After completing his undergraduate education with a degree in Biomedical Engineering, Erik Thomas went on to pursue a masters degree in Biomedical Engineering with a concentration in medical product development.

Thomas first became involved with socially engaged design when he joined the Project MESA team within M-HEAL in 2015. During his time on the team, he worked to design and manufacture prototypes of a portable pelvic exam table for mobile clinics in Nicaragua. The challenge was in making them light enough to be transported to some of the remote villages that the mobile clinics serviced. Thomas traveled with the team to Nicaragua to test and gather feedback on the prototypes the team had created. He recalls when one of the nurses at a Nicaraguan health center “picked up our table, hoisted it on his back, and pretended to ride a broom” demonstrating how some of the communities they serviced were only reachable by horseback. Thomas says this was eye-opening for the team, and they then “realized just how portable [their] table needed to be.” Thomas cites experiences like these as “perspective- changing” in that he’s been able to interact with the end users of devices, as well as the small scale craftsmen who are involved in the manufacturing process. Thomas says that seeing the whole picture has challenged him to “try to create a more holistic design.”

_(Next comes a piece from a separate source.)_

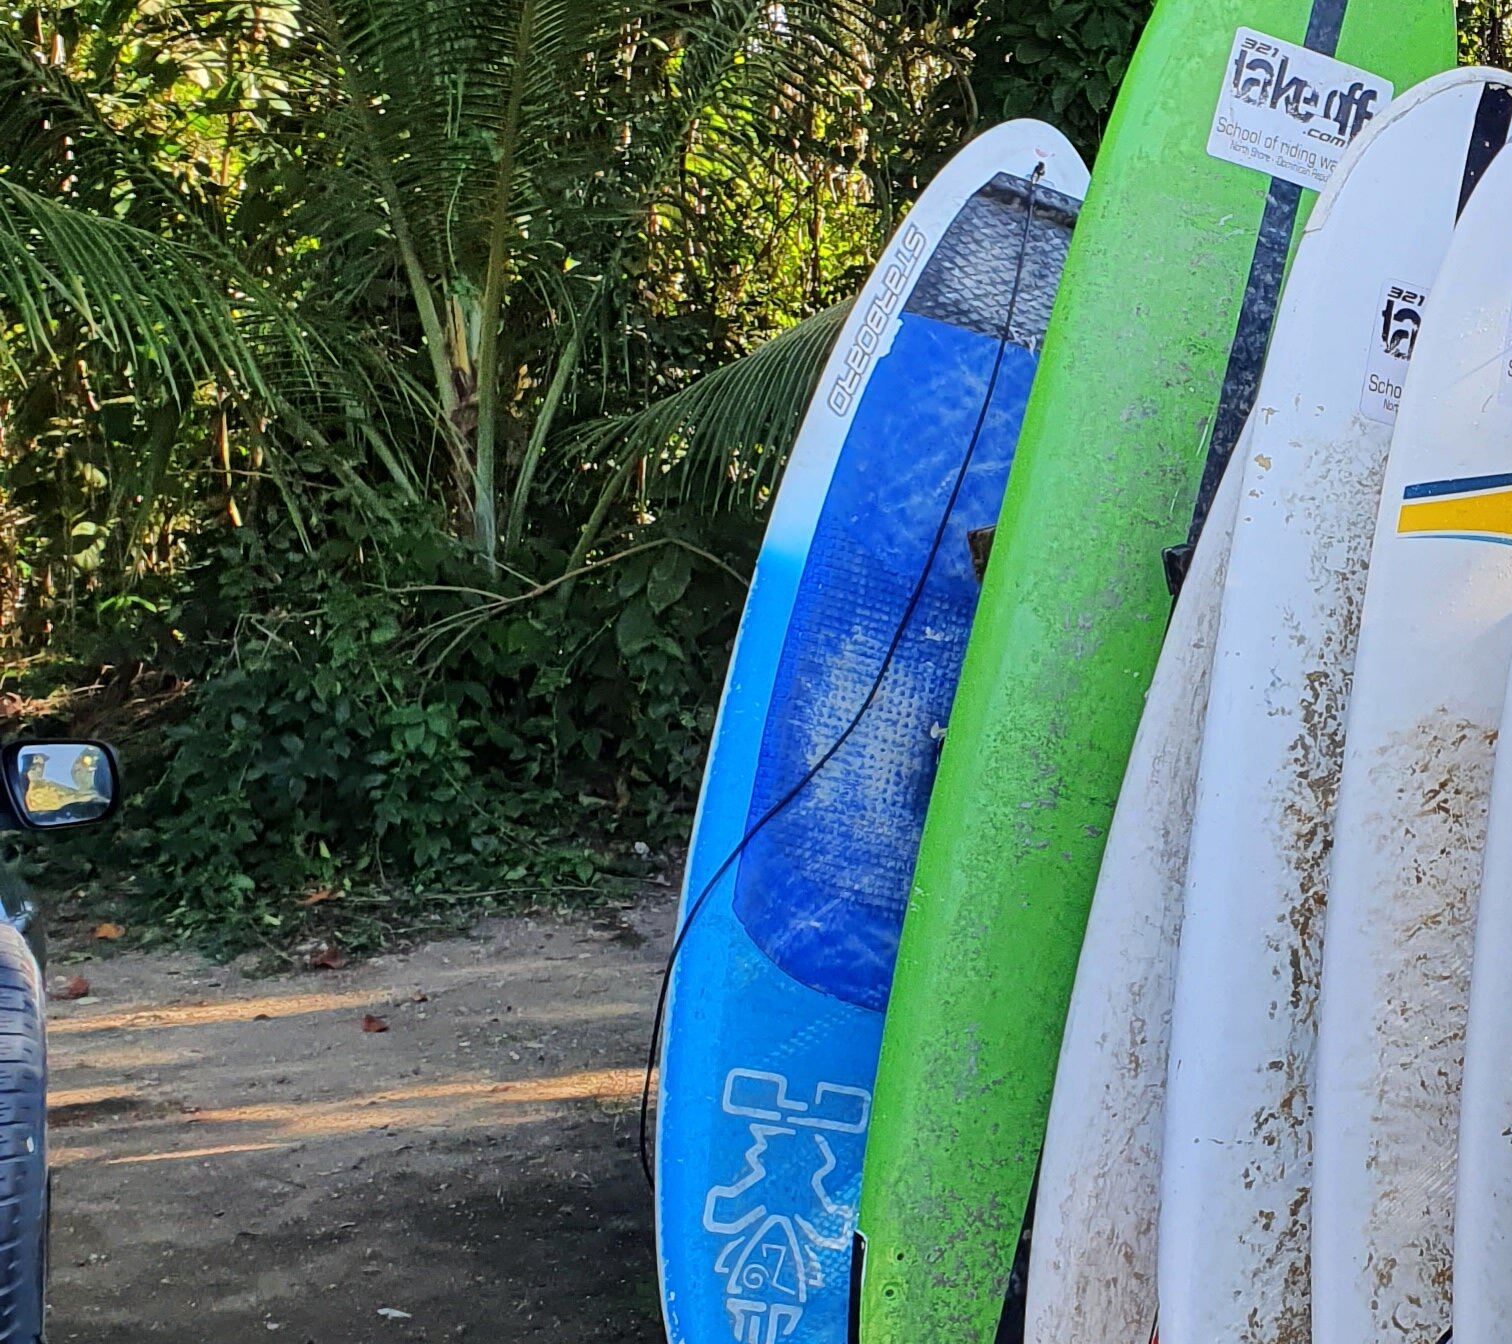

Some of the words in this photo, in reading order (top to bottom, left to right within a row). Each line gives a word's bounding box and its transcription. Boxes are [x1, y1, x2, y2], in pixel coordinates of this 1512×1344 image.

Testing portable exam table prototypes in Nicaragua with M-HEAL Project MESA

Thomas continued to seek out opportunities with socially engaged design on campus, serving as president of M-HEAL and working with the Global Health Design Initiative (GHDI) as well. He says that socially engaged design has “defined [his] experience at UM.” With GHDI, Thomas traveled to Accra, Ghana in the summer of 2016 and conducted a needs assessment within the Obstetrics and Gynecology Department of the Korle Bu Teaching Hospital. Collaboration is a key value of GHDI, and Thomas worked alongside engineers from UM and University of Ghana to conduct interviews, make observations, and work through the needs filtering process.

Erik with staff of Korle Bu Teaching Hospital in Accra, Ghana

Thomas is headed off at the end of the semester to work at Baxter Healthcare in their Technical Development Program. While he is still waiting to learn what his specific role will be, he plans to “leverage socially engaged design principles” in his approach to the work he’s involved in at Baxter.